ColdFusion 10 and 11 hotfix from Adobe addresses XML parser flaw
A recent hotfix was released by Adobe in order to protect ColdFusion users from a number of flaws
Security updates were released to address vulnerabilities in ColdFusion versions 10 and 11. According to the Adobe Security Bulletin the hotfix includes an updated version of BlazeDS and addresses potential data leak (information disclosure) glitches.
Adobe recommends ColdFusion customers to update their systems and provides technotes for each version. Our Technicians would be more than happy to assist you and help you in case you need to apply ColdFusion updates.
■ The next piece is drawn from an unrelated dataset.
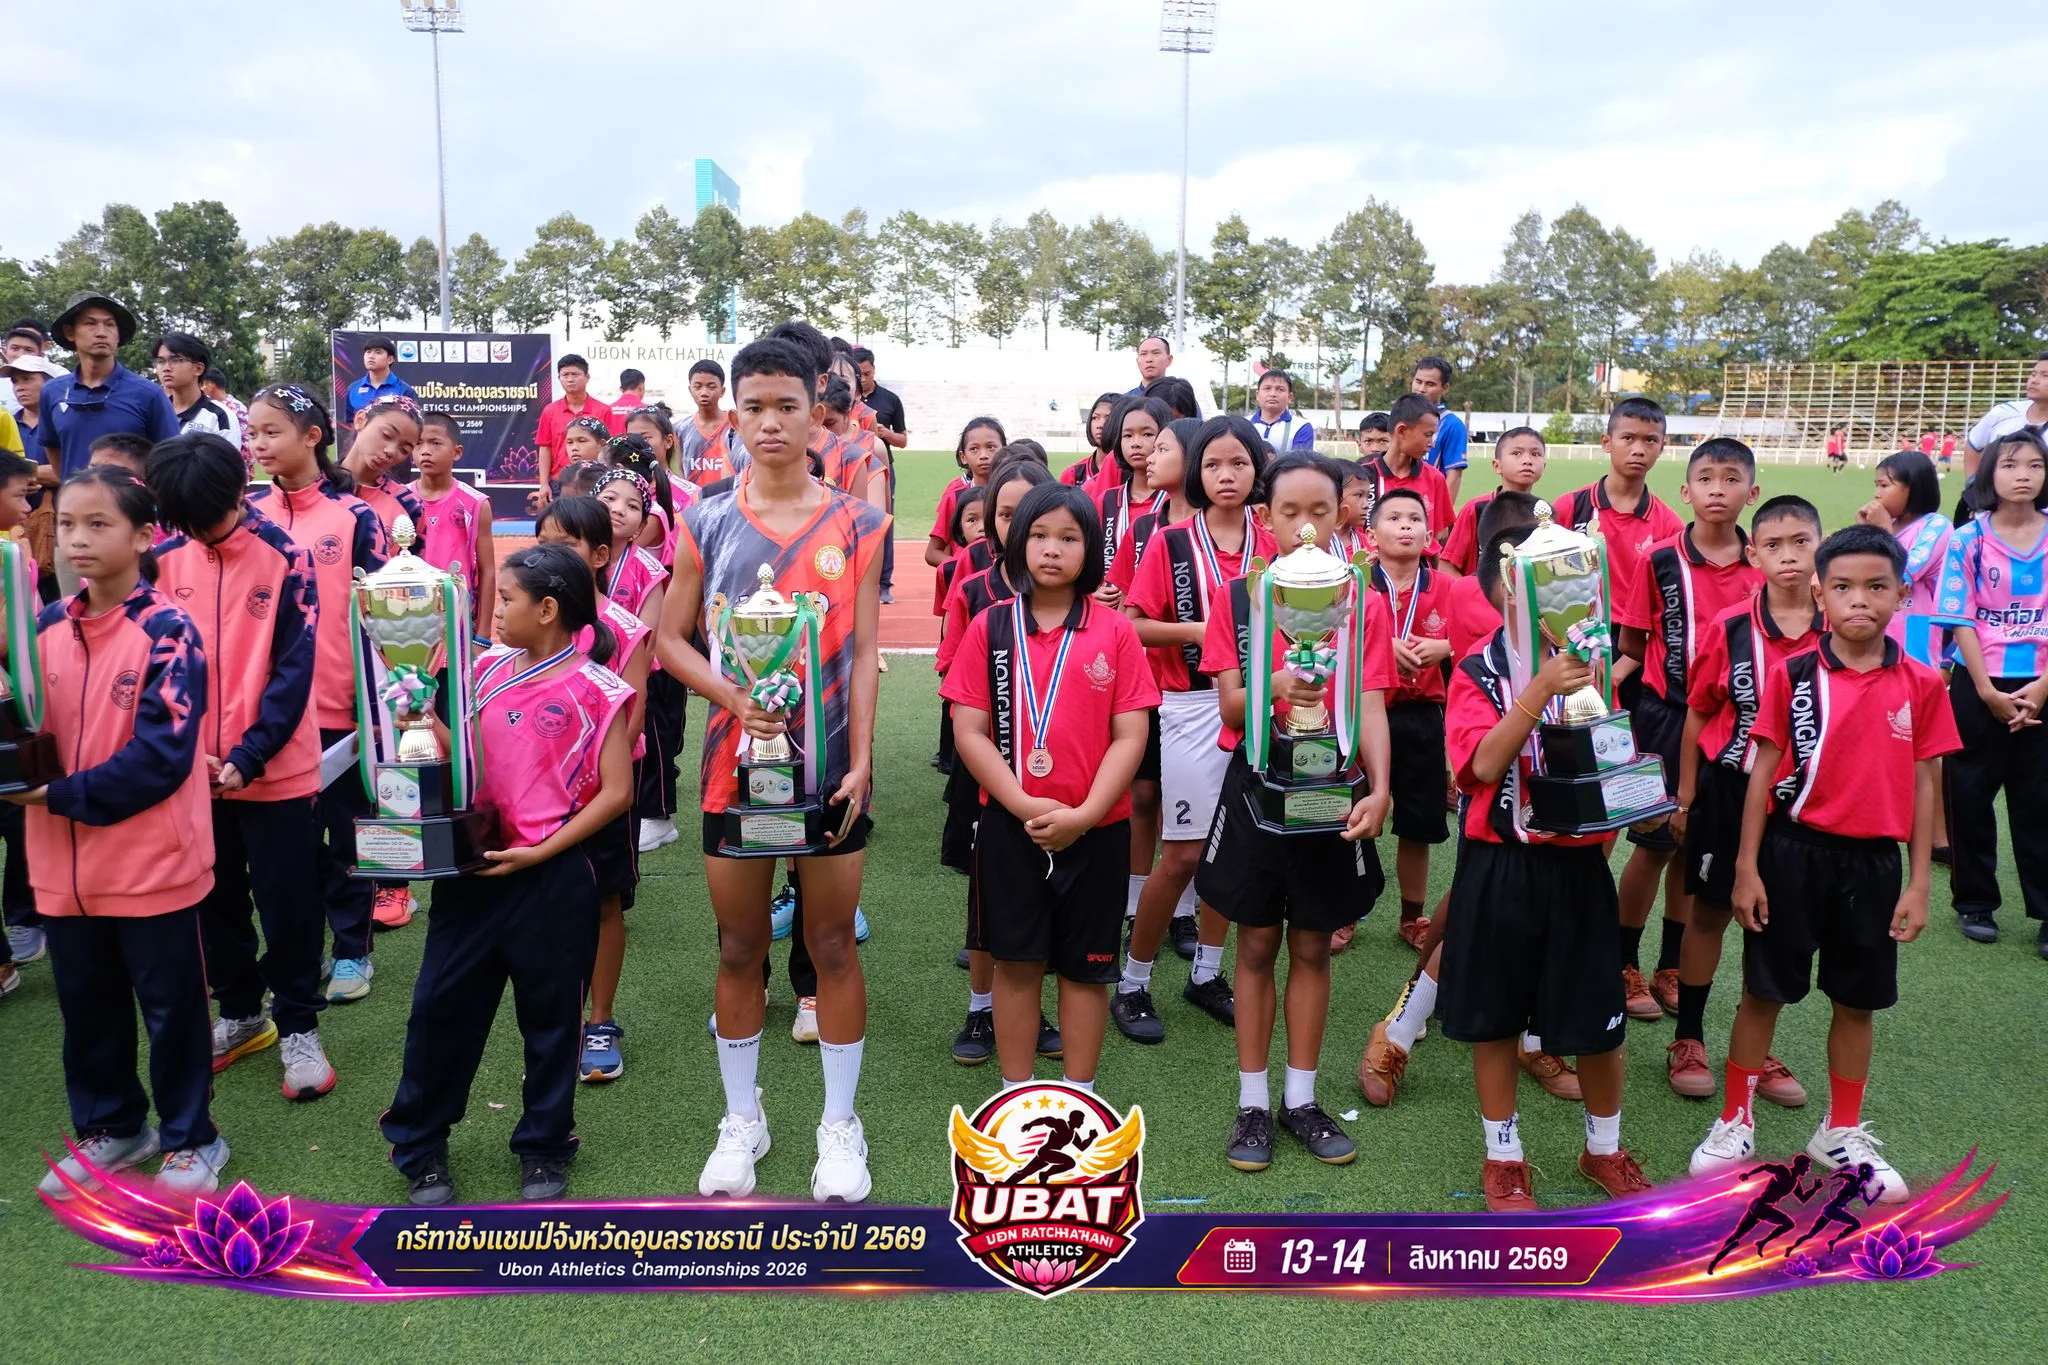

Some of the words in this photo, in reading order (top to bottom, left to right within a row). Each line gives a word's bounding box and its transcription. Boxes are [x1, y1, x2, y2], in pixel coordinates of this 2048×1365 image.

Apparently an unrestricted XML parser may allow for external XML entities processing when parsing such document. The flaw may be exploited by unauthenticated remote hackers. The flaw can allow various attacks including: reading arbitrary, listing web/system directories, SSRF attacks / unauthorized access to restricted services running on the localhost as well as within the victim’s server network; SMB relay attacks; and temporary file uploads which may be used by attackers in combination with LFI vulnerabilities to supply malicious code. Attackers can also read critical ColdFusion configuration files such as neo-security.xml, password.properties, and neo-datasource.xml. They can read ColdFusion password hashes including the management console, database credentials, and gain access to a weakly protected ColdFusion system.